- [What is required]
Images do not belong in the copy; retype the rest of the entries below exactly.

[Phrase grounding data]
_ _ _
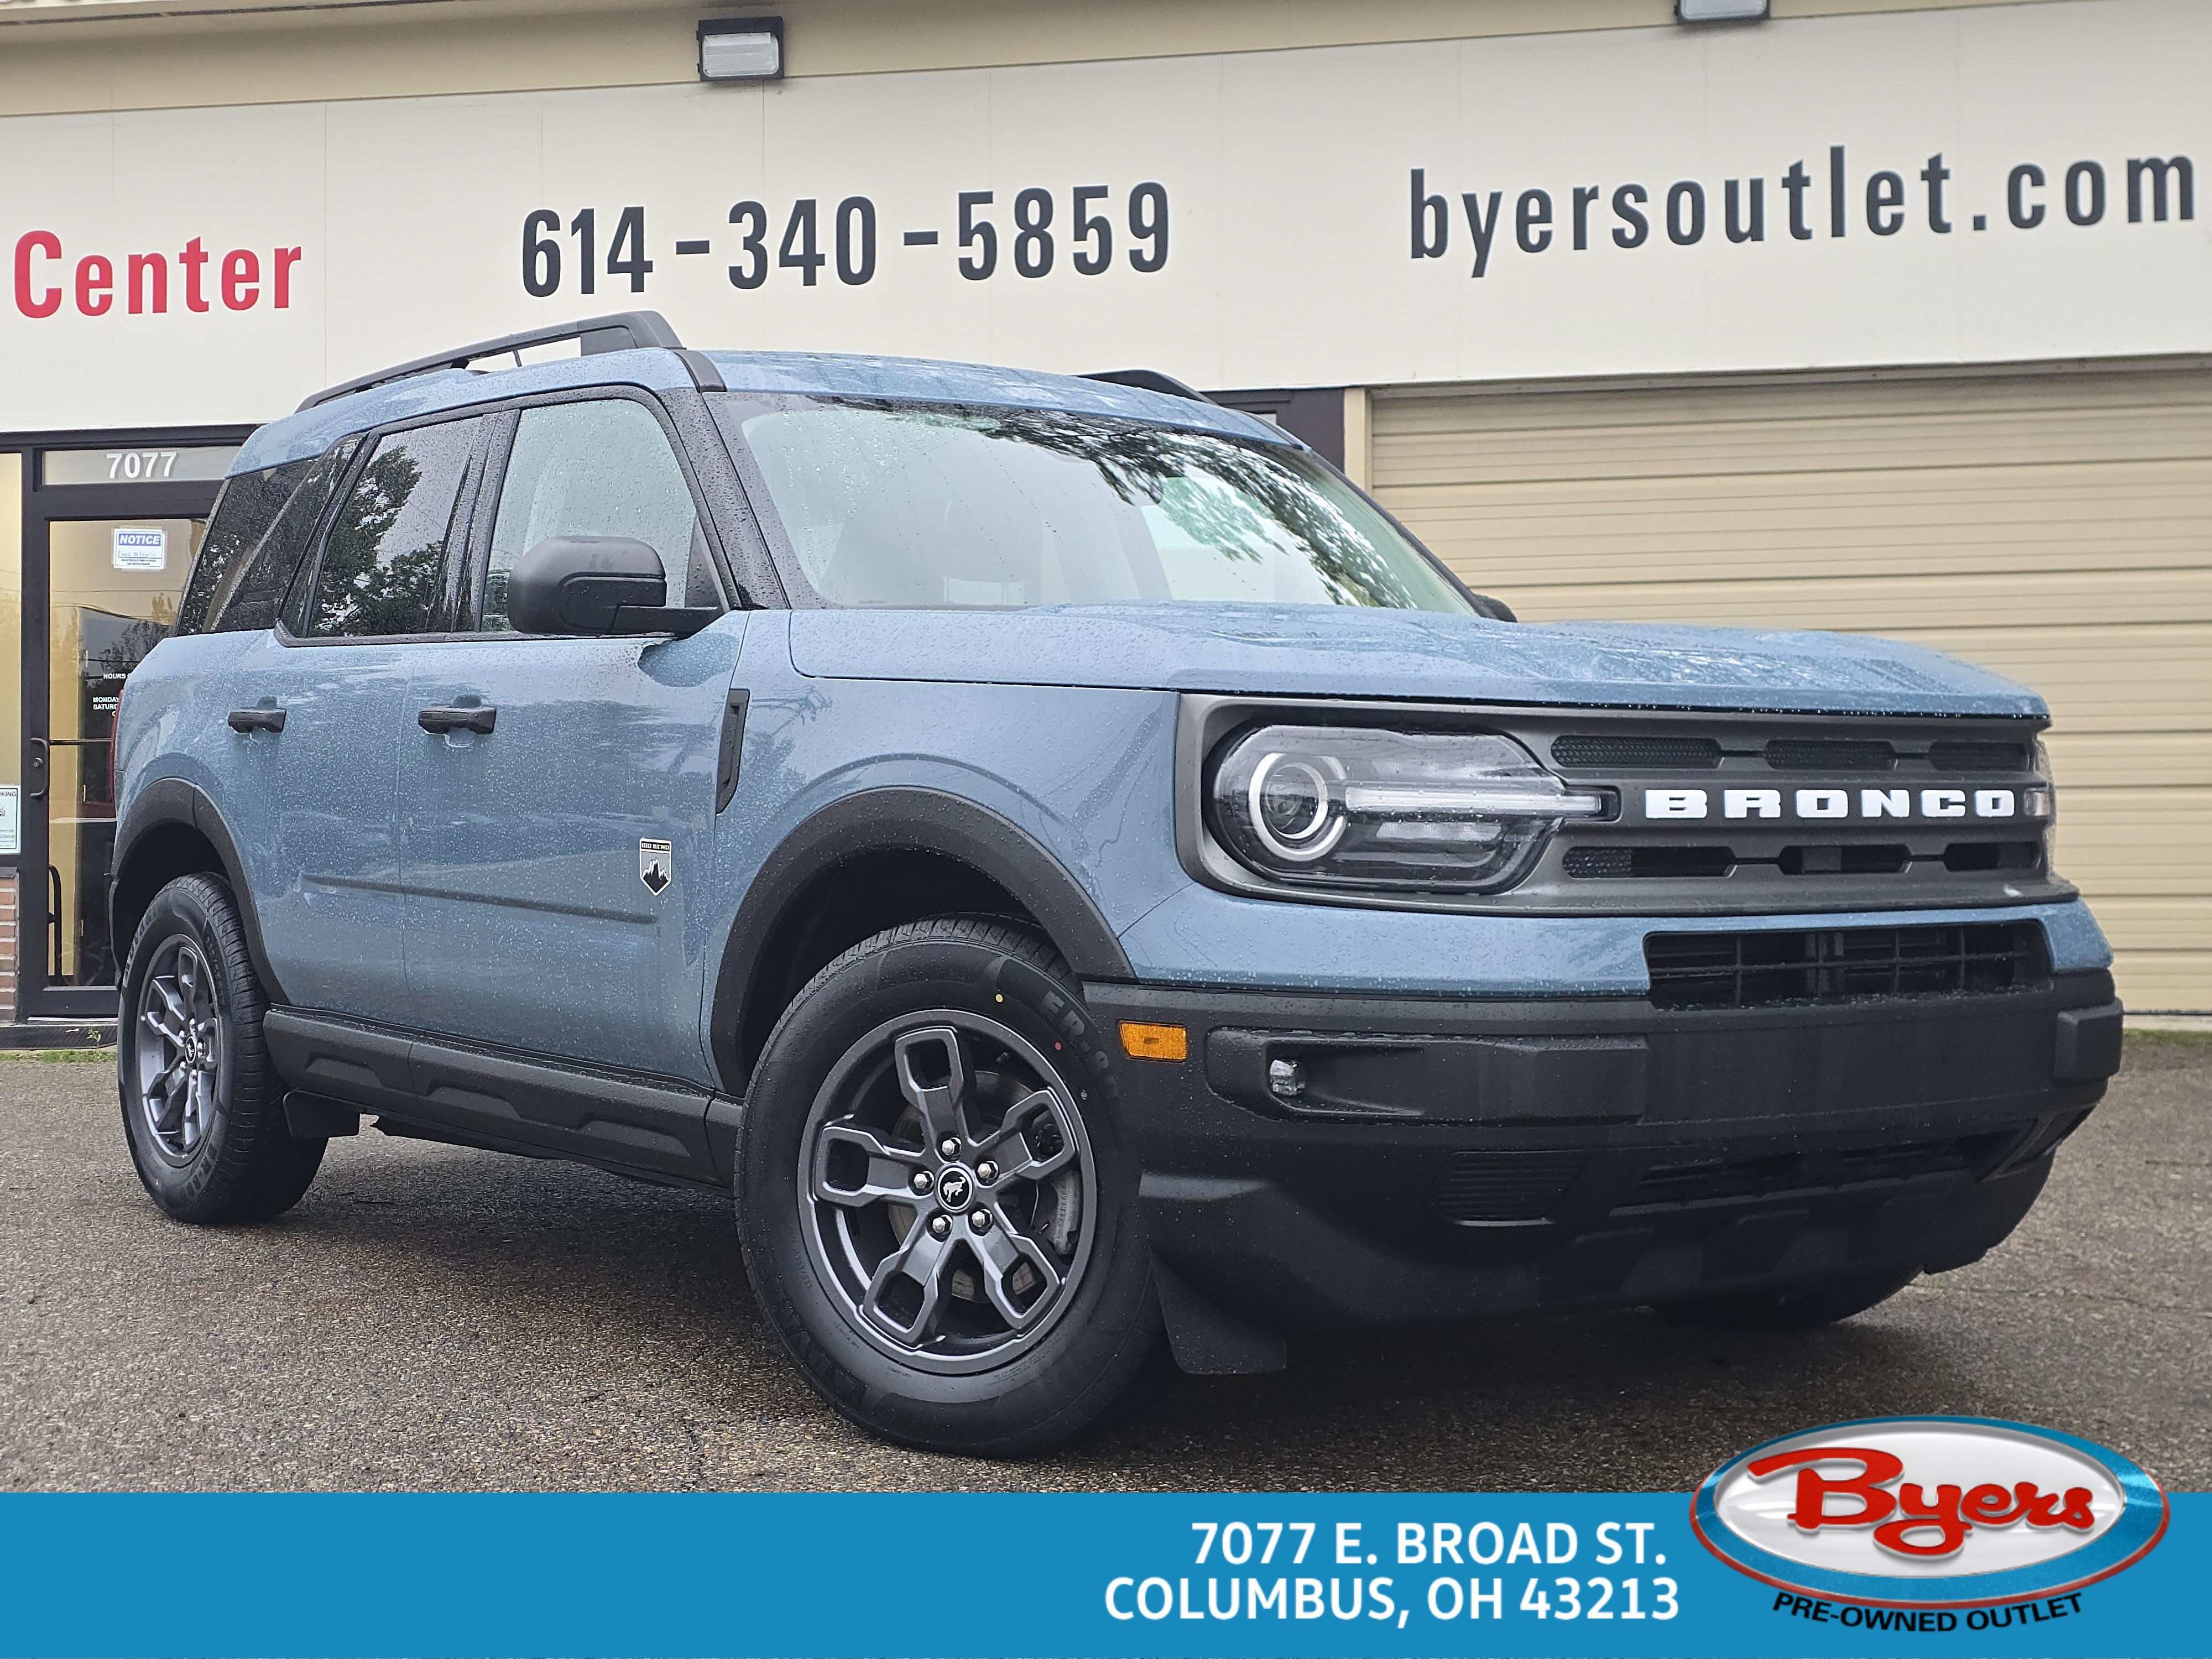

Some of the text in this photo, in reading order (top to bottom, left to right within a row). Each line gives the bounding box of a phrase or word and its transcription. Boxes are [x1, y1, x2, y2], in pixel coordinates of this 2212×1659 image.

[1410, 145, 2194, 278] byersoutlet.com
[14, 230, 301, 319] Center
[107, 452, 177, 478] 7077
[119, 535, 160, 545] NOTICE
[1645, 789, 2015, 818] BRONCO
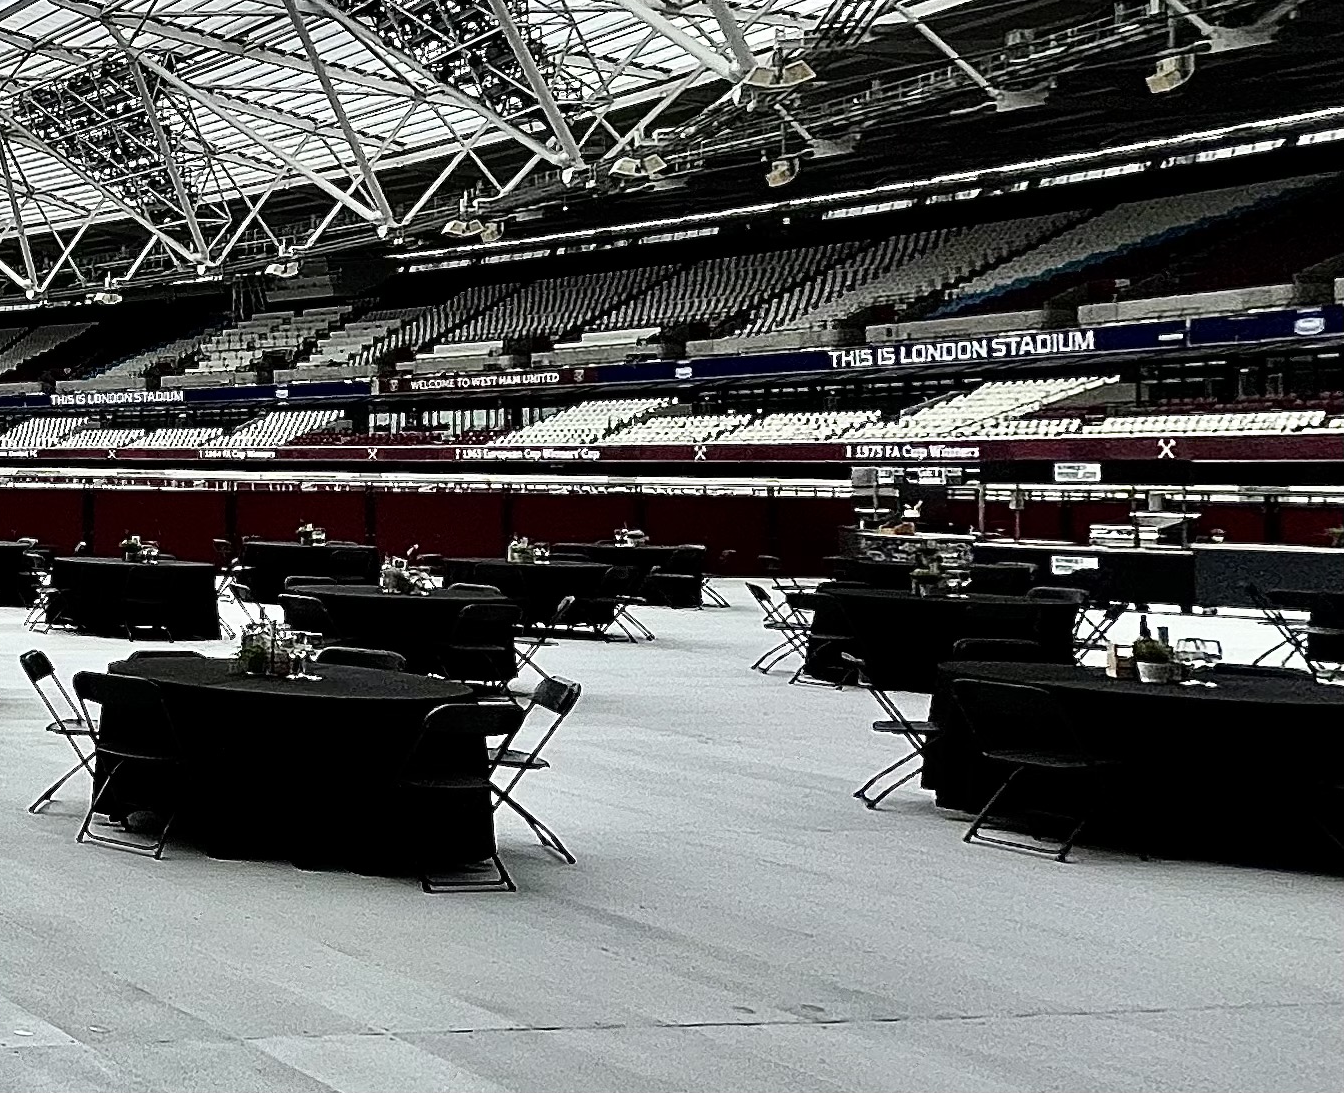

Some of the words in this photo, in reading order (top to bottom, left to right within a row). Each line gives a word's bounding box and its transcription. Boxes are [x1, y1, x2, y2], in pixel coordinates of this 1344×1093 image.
_ _ _
- [Answer for this exercise]
Some of the text in this photo, in reading order (top to bottom, left to right within a row). Each line gives the bounding box of a phrase or word and its transcription. Boxes are [x1, y1, x2, y2], in pixel coordinates of this 2212×1659 image.

[1410, 145, 2194, 278] byersoutlet.com
[14, 230, 301, 319] Center
[107, 452, 177, 478] 7077
[119, 535, 160, 545] NOTICE
[1645, 789, 2015, 818] BRONCO

Some of the words in this photo, in reading order (top to bottom, left to right within a row). Each line gives a word's bounding box and its transcription. Boxes are [x1, y1, x2, y2], in pixel coordinates of this 1344×1093 image.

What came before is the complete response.